February 19, 2019

Tenure may be acquired by estoppel


Tenure by estoppel 
Wilson v Department of Educ. of the City of N.Y., 2019 NY Slip Op 01161, Appellate Division, First Department

An employee may attain tenure by estoppel as the result of the appointing authority's failing to provide the individual with timely notice that his or her services will not be continued beyond his or her probationary period.*

Citing McManus v Board of Educ. of Hempstead Union Free School District, 87 NY2d 183, the Appellate Division affirmed a Supreme Court's ruling that annulled New York City Department of Education's [DOE] discontinuing Petitioner's employment and directed the educator's reinstatement to her former position as a tenured teacher with back salary.**

DOE had appointed Petitioner as a teacher in 2011 and her initial 3-year probationary period was set to expire in 2014. Prior to the date on which Petitioner probationary period was to expire, she and DOE entered into a written agreement extending her probation through September 8, 2015

In March 2015, DOE temporarily reassigned Petitioner to perform certain clerical duties. Significantly, DOE did not advise Petitioner concerning its decision regarding her status as a probationary teacher upon her reassignment. In March 2016, DOE discontinued Petitioner's clerical assignment and  directed her to resume performing her teaching duties. The Appellate Division's decision reports that after resuming her teaching duties Petitioner was involved in an incident with her school principal and she "took an unapproved leave of absence." On June 15, 2016, DOE notified Petitioner that "it was discontinuing her probationary service as of July 15, 2016."

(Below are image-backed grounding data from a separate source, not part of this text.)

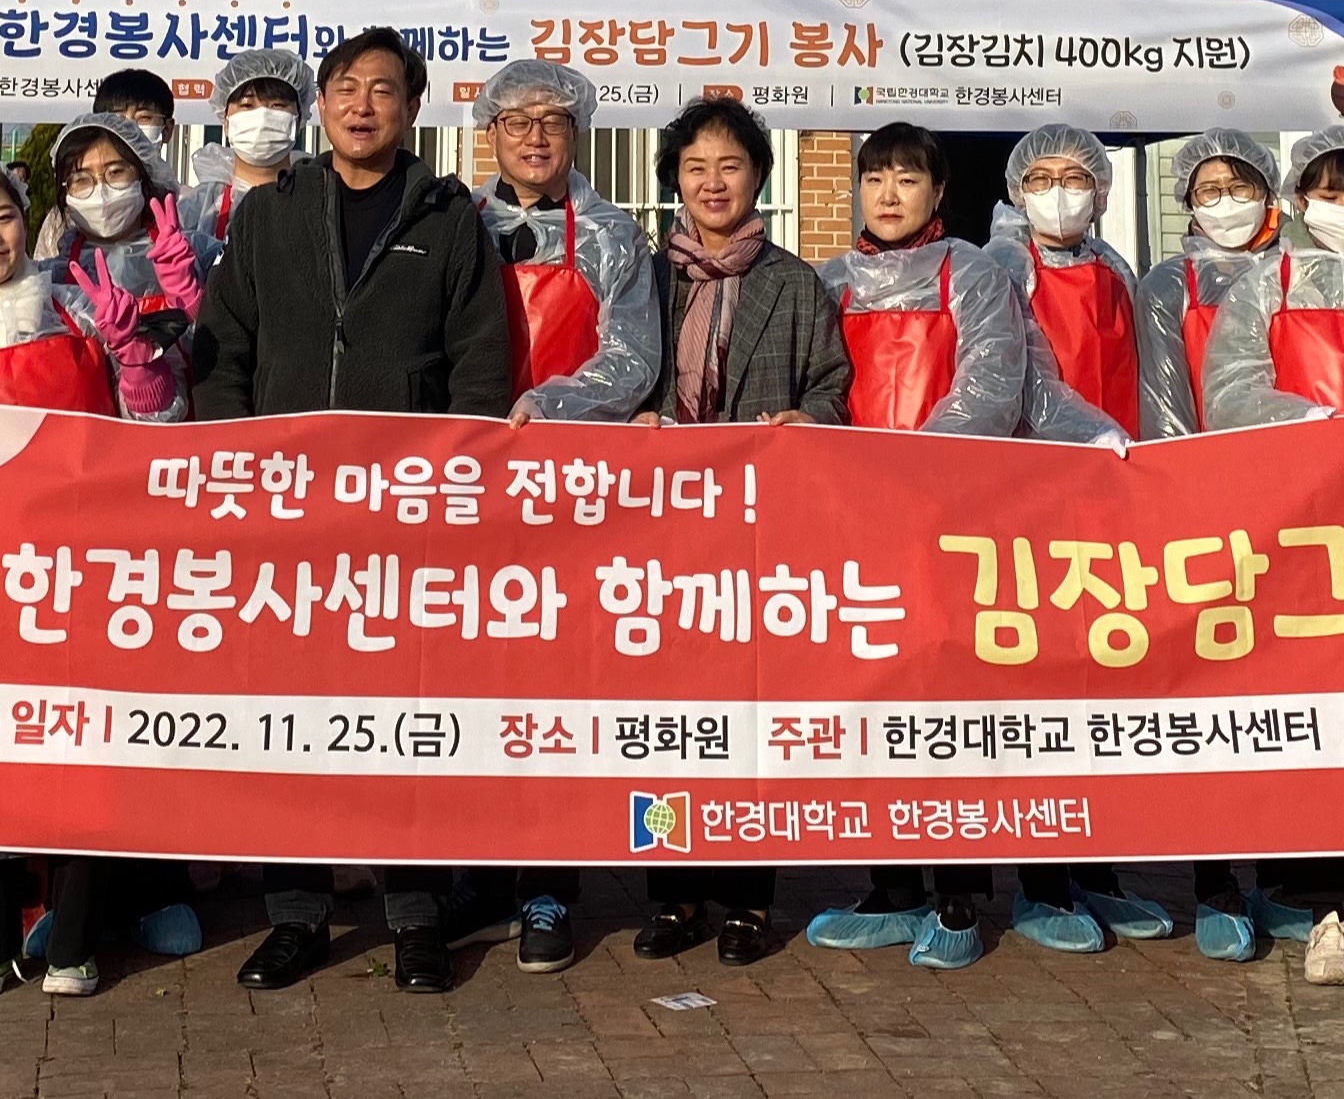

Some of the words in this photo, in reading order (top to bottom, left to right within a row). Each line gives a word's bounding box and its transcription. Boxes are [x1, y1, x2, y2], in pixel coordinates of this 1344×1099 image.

[363, 25, 510, 62] 께하는
[530, 18, 771, 68] 김장담그기
[789, 21, 884, 69] 봉사
[899, 32, 1045, 69] (김장김치
[1055, 35, 1164, 73] 400kg
[1172, 35, 1252, 71] 지원)
[752, 85, 810, 106] 평화원
[955, 86, 1062, 107] 한경봉사센터
[147, 450, 314, 520] 따뜻한
[334, 455, 485, 525] 마음을
[1, 542, 568, 653] 한경봉사센터와
[594, 556, 907, 660] 함께하는
[11, 699, 90, 746] 일자
[127, 709, 240, 752] 2022.
[327, 713, 462, 759] 25.(금)
[500, 713, 576, 759] 장소
[614, 714, 731, 761] 평화원
[768, 715, 846, 761] 주관
[882, 713, 1077, 761] 한경대학교
[1088, 706, 1322, 757] 한경봉사센터
[700, 792, 873, 843] 한경대학교
[887, 797, 1092, 841] 한경봉사센터
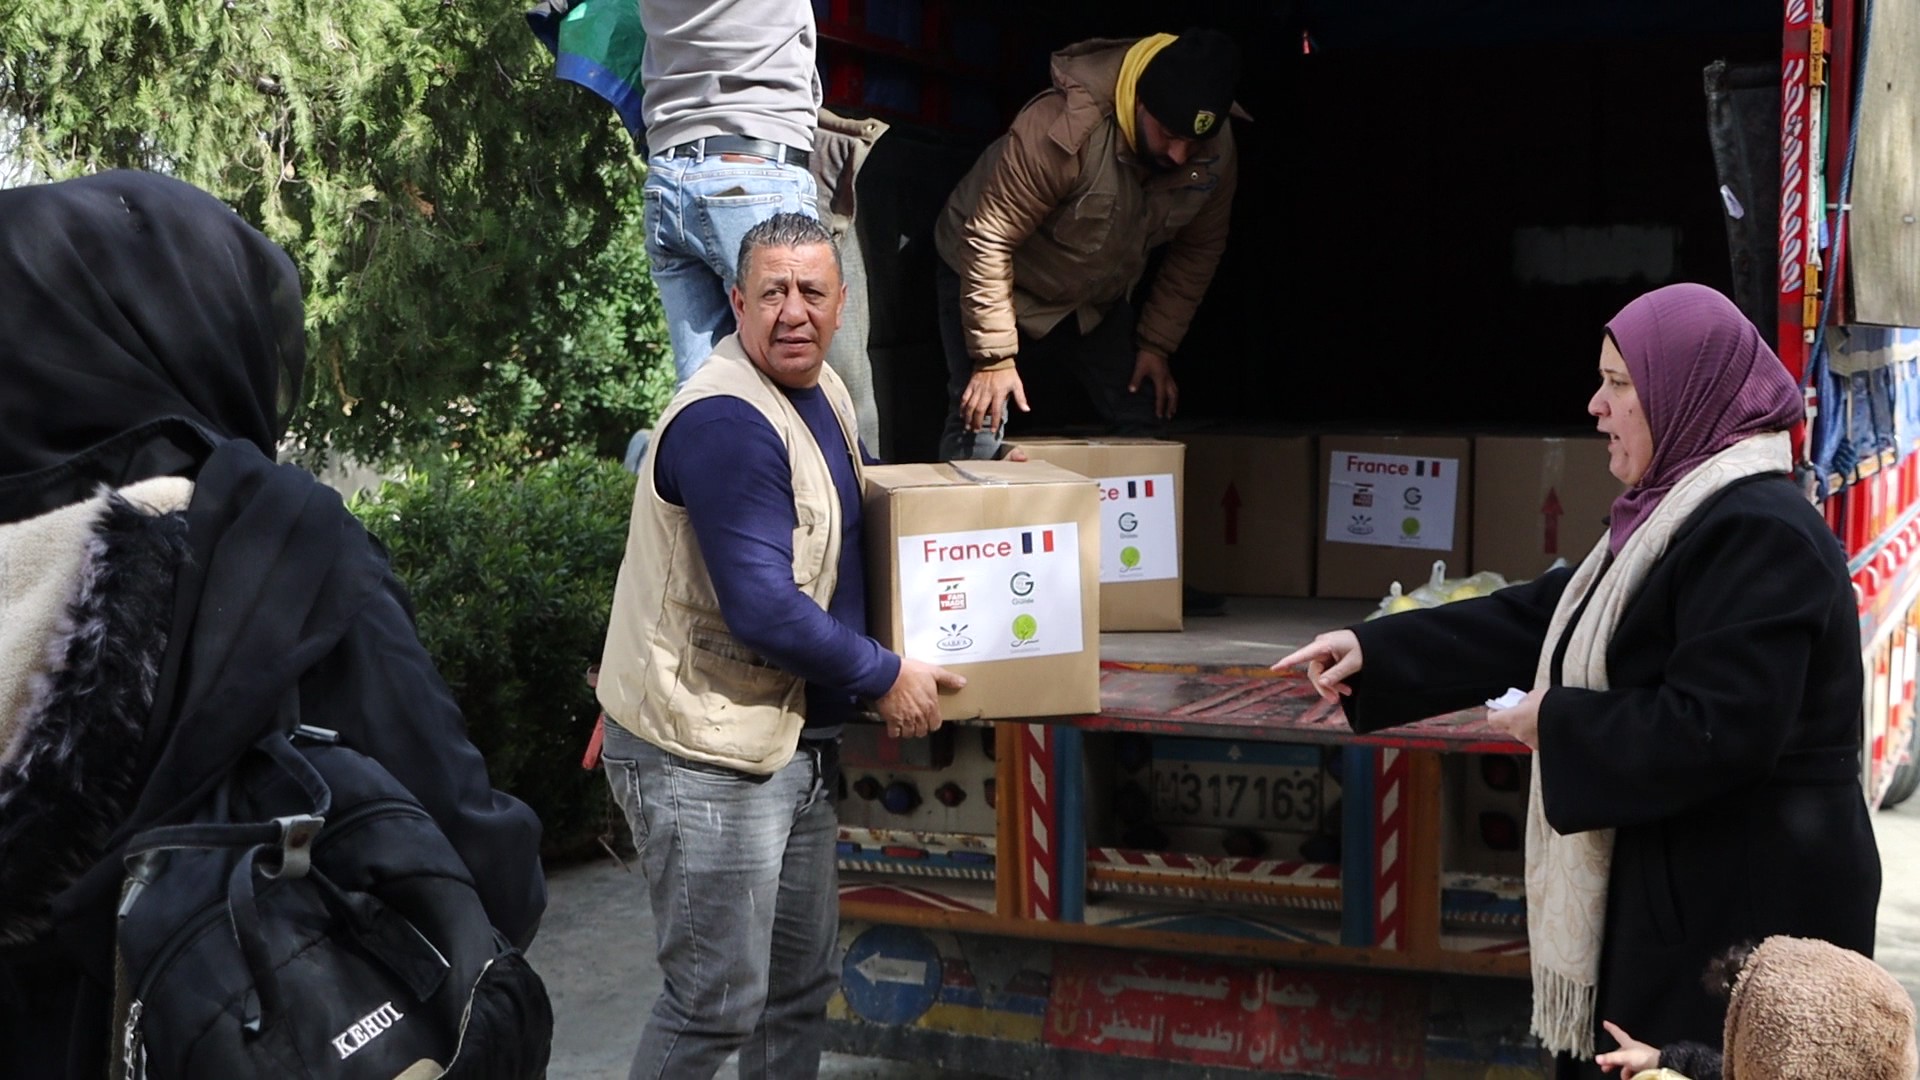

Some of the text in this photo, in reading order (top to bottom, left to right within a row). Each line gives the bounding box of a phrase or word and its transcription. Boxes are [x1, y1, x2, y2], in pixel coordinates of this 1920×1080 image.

[1346, 455, 1409, 476] France
[923, 539, 1012, 563] France
[331, 1001, 404, 1060] KEHUI
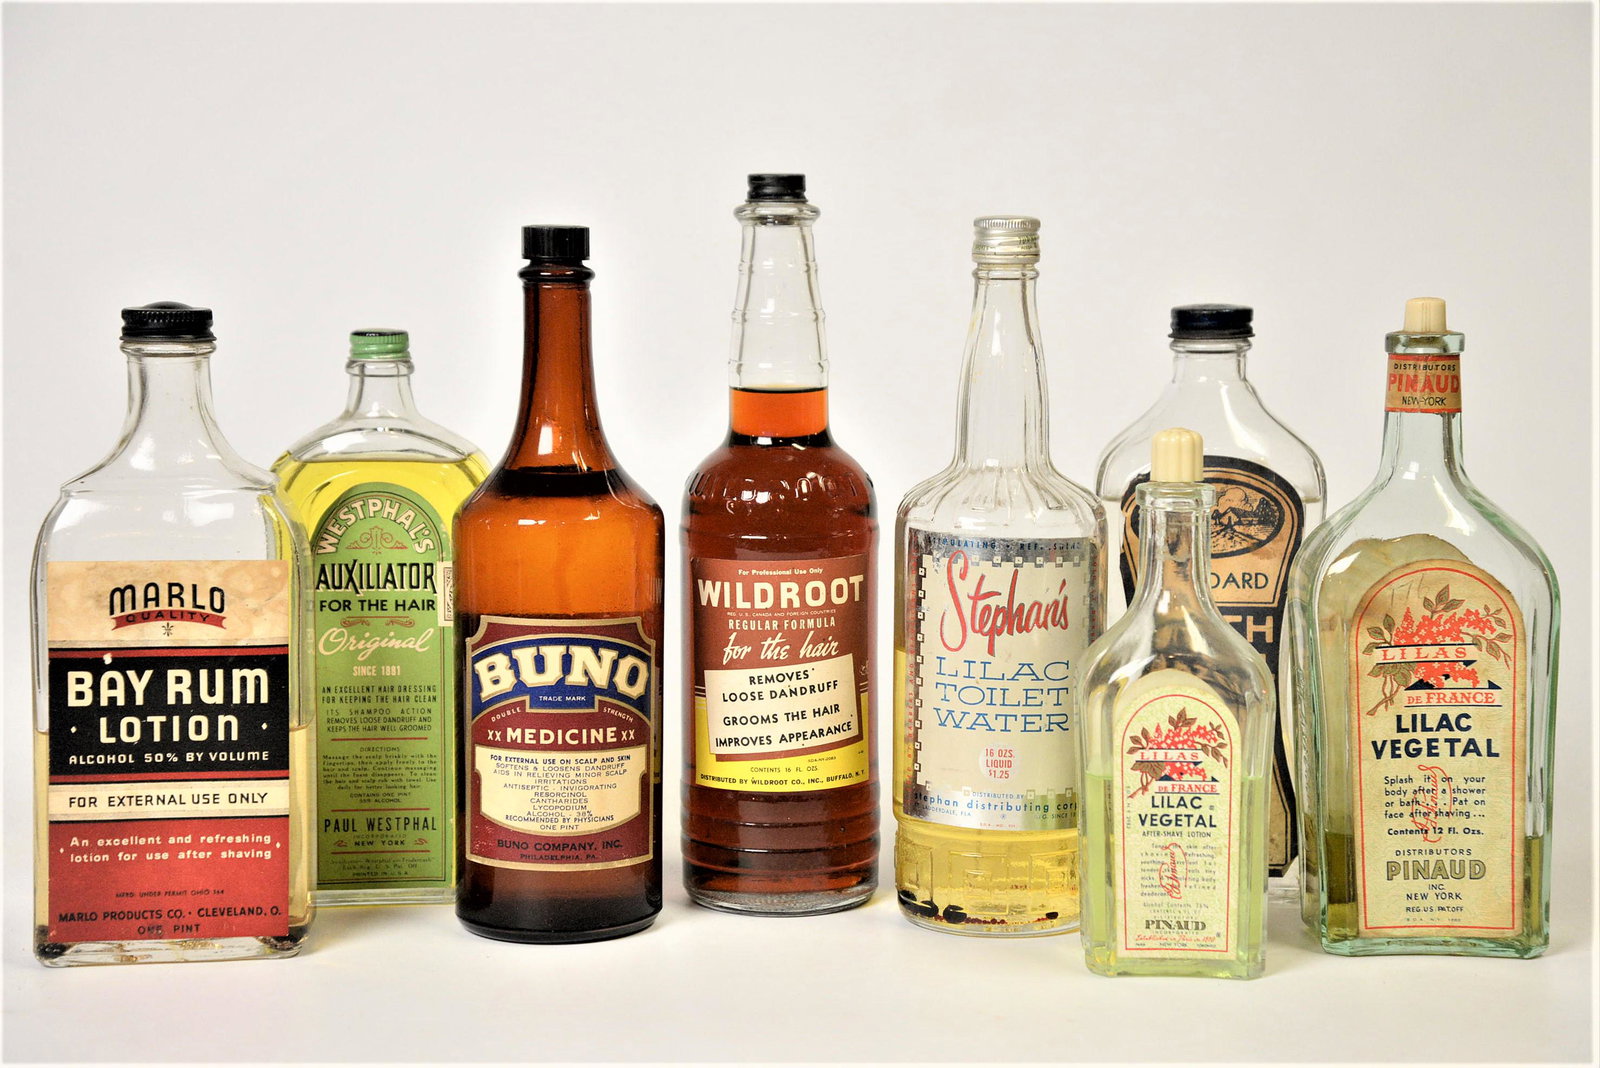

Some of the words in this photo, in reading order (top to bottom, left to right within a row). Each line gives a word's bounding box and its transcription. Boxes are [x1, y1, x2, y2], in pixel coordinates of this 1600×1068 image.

[1394, 363, 1456, 371] DISTRIBUTORS
[1388, 373, 1460, 393] PINAUD
[1402, 396, 1447, 406] NEW-YORK
[316, 498, 436, 556] WESTPHAL'S
[109, 582, 225, 616] MARLO
[698, 575, 864, 609] WILDROOT
[320, 600, 352, 612] FOR
[358, 599, 388, 611] THE
[395, 599, 436, 611] HAIR
[940, 550, 1069, 657] Stephan's
[126, 611, 210, 623] QUALITY
[728, 619, 779, 630] REGULAR
[784, 617, 836, 630] FORMULA
[318, 627, 434, 661] Original
[722, 632, 751, 665] for
[760, 632, 791, 659] the
[799, 630, 839, 659] hair
[1382, 647, 1467, 661] LILAS
[353, 666, 376, 676] SINCE
[382, 665, 400, 676] 1881
[474, 645, 649, 702] BUNO
[936, 656, 1069, 681] LILAC
[749, 669, 809, 685] REMOVES
[67, 669, 153, 707] BAY
[167, 667, 269, 705] RUM
[322, 686, 331, 694] AN
[334, 686, 375, 694] EXCELLENT
[722, 691, 764, 702] LOOSE
[770, 680, 838, 699] DANDRUFF
[935, 682, 1069, 707] TOILET
[1426, 692, 1495, 704] FRANCE
[491, 707, 521, 722] DOUBLE
[603, 707, 634, 722] STRENGTH
[723, 714, 779, 726] GROOMS
[784, 710, 807, 722] THE
[813, 703, 840, 718] HAIR
[933, 708, 1069, 732] WATER
[100, 714, 238, 744] LOTION
[1396, 713, 1472, 733] LILAC
[507, 727, 617, 745] MEDICINE
[715, 735, 772, 747] IMPROVES
[779, 721, 852, 744] APPEARANCE
[985, 748, 994, 758] 16
[998, 749, 1015, 758] OZS.
[1371, 738, 1499, 759] VEGETAL
[69, 754, 135, 765] ALCOHOL
[144, 753, 179, 763] 50%
[186, 752, 204, 762] BY
[209, 751, 270, 761] VOLUME
[505, 756, 538, 764] EXTERNAL
[1140, 752, 1199, 760] LILAS
[986, 759, 1012, 769] LIQUID
[701, 774, 737, 783] DISTRIBUTED
[989, 770, 1010, 779] $1.25
[1384, 775, 1413, 786] Splash
[973, 791, 1014, 799] DISTRIBUTED
[1171, 784, 1217, 792] FRANCE
[1385, 787, 1407, 797] body
[1413, 786, 1435, 795] after
[1452, 785, 1485, 794] shower
[69, 796, 98, 808] FOR
[107, 794, 187, 807] EXTERNAL
[192, 794, 220, 805] USE
[228, 792, 268, 804] ONLY
[914, 791, 958, 807] stephan
[967, 800, 1049, 813] distributing
[1151, 796, 1203, 809] LILAC
[1453, 797, 1468, 805] Pat
[505, 815, 558, 823] RECOMMENDED
[1138, 813, 1217, 828] VEGETAL
[1384, 810, 1404, 818] face
[1409, 809, 1431, 817] after
[324, 819, 357, 832] PAUL
[366, 817, 436, 832] WESTPHAL
[70, 837, 89, 847] An
[97, 836, 162, 846] excellent
[168, 835, 192, 844] and
[200, 834, 272, 845] refreshing
[497, 840, 529, 850] BUNO
[602, 839, 623, 849] INC.
[70, 853, 109, 863] lotion
[118, 852, 138, 861] for
[146, 851, 170, 860] use
[178, 850, 212, 859] after
[220, 850, 272, 860] shaving
[1386, 859, 1486, 881] PINAUD
[1406, 892, 1428, 900] NEW
[1435, 892, 1462, 900] YORK
[58, 912, 98, 923] MARLO
[103, 910, 163, 920] PRODUCTS
[167, 909, 185, 919] CO.
[271, 905, 282, 916] O.
[173, 924, 201, 933] PINT
[1145, 920, 1206, 930] PINAUD
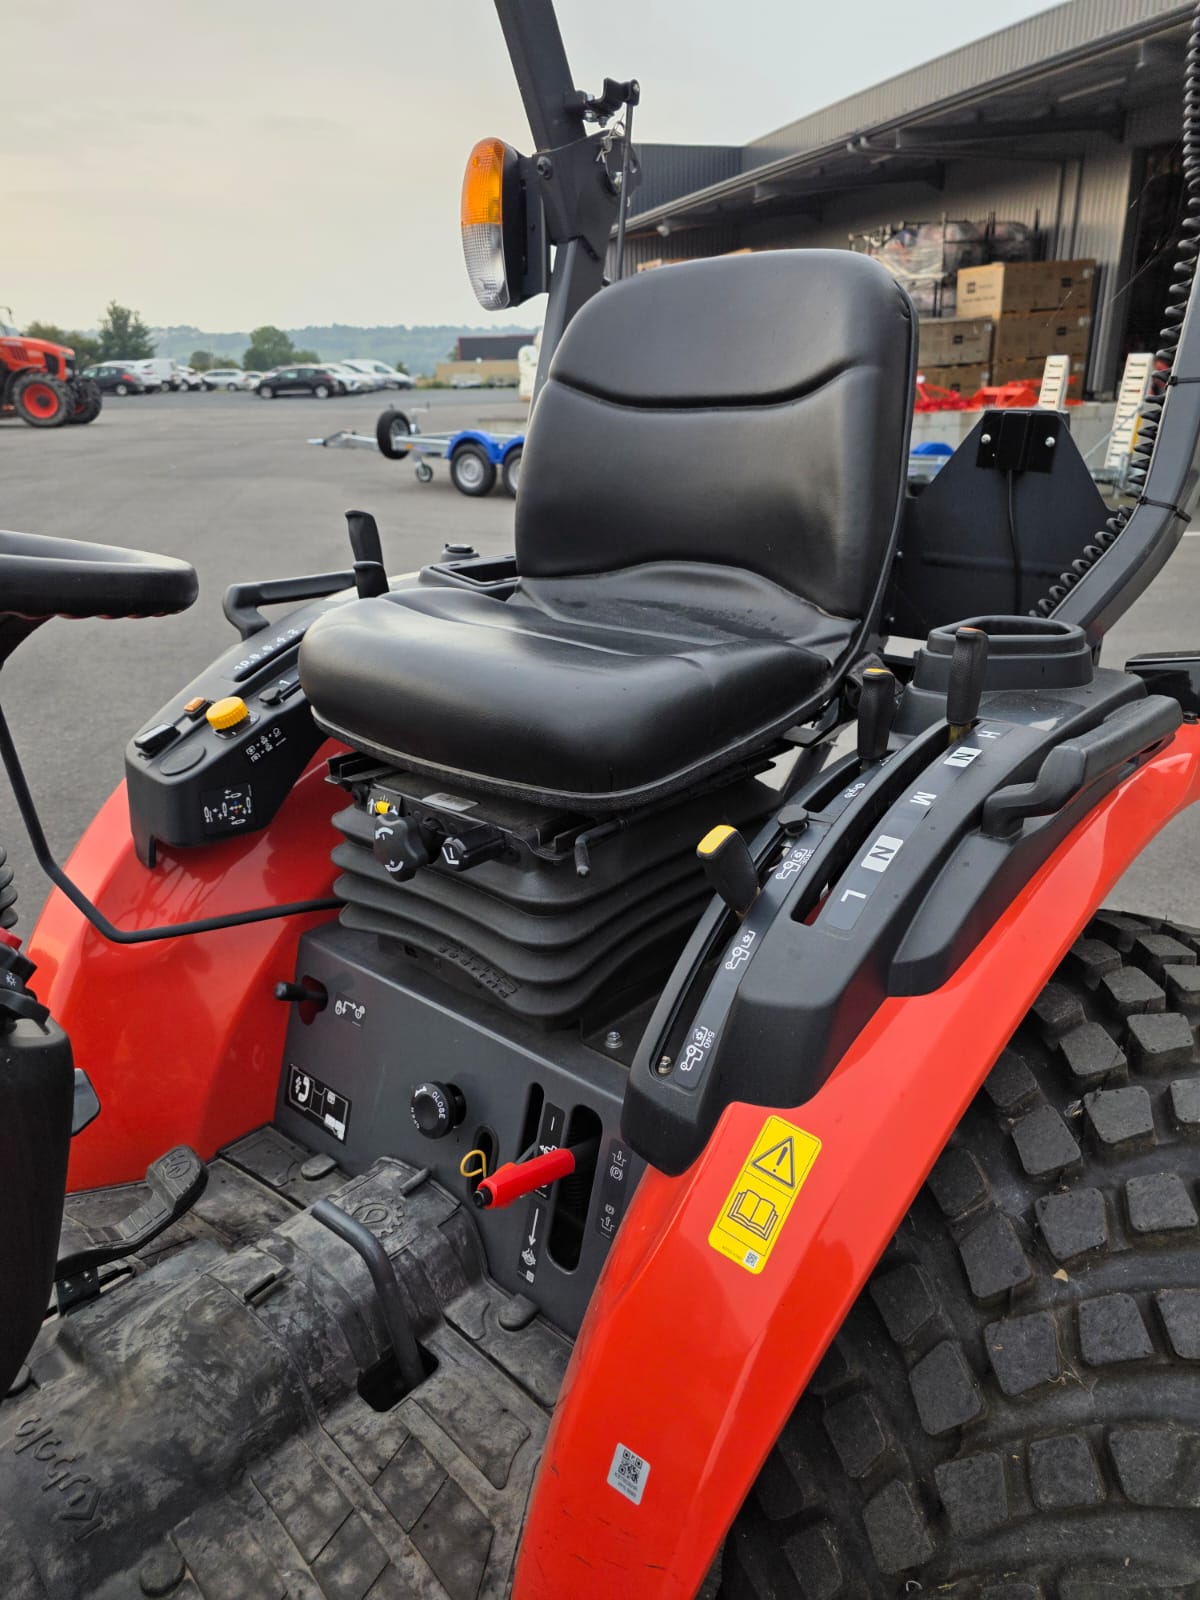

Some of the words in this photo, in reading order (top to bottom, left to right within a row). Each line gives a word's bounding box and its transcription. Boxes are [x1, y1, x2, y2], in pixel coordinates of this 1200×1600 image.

The Appellate Division explained that a probationary teacher typically acquires tenure by estoppel when a school board fails to take the action required by law to either [1] grant or deny tenure to the individual prior to the expiration of the teacher's probationary term and [2] accepts the continued services of an educator in his or her position. Here, said the Appellate Division, Petitioner obtained tenure by estoppel at the end of her extended probationary period as the result of DOE's failure to deliver the notice of it's decision to terminate her on or before September 8, 2015.

In addition, the court noted that DOE failed to advise Petitioner that the temporary assignment to perform clerical duties would not count toward her satisfying her probationary term of service. Accordingly, Petitioner's decision to accept the temporary reassignment did not "serve to disrupt" Petitioner's  probationary period nor did it result in an automatic extension  of her probationary term for a period equal in length to the period of her service in a clerical capacity.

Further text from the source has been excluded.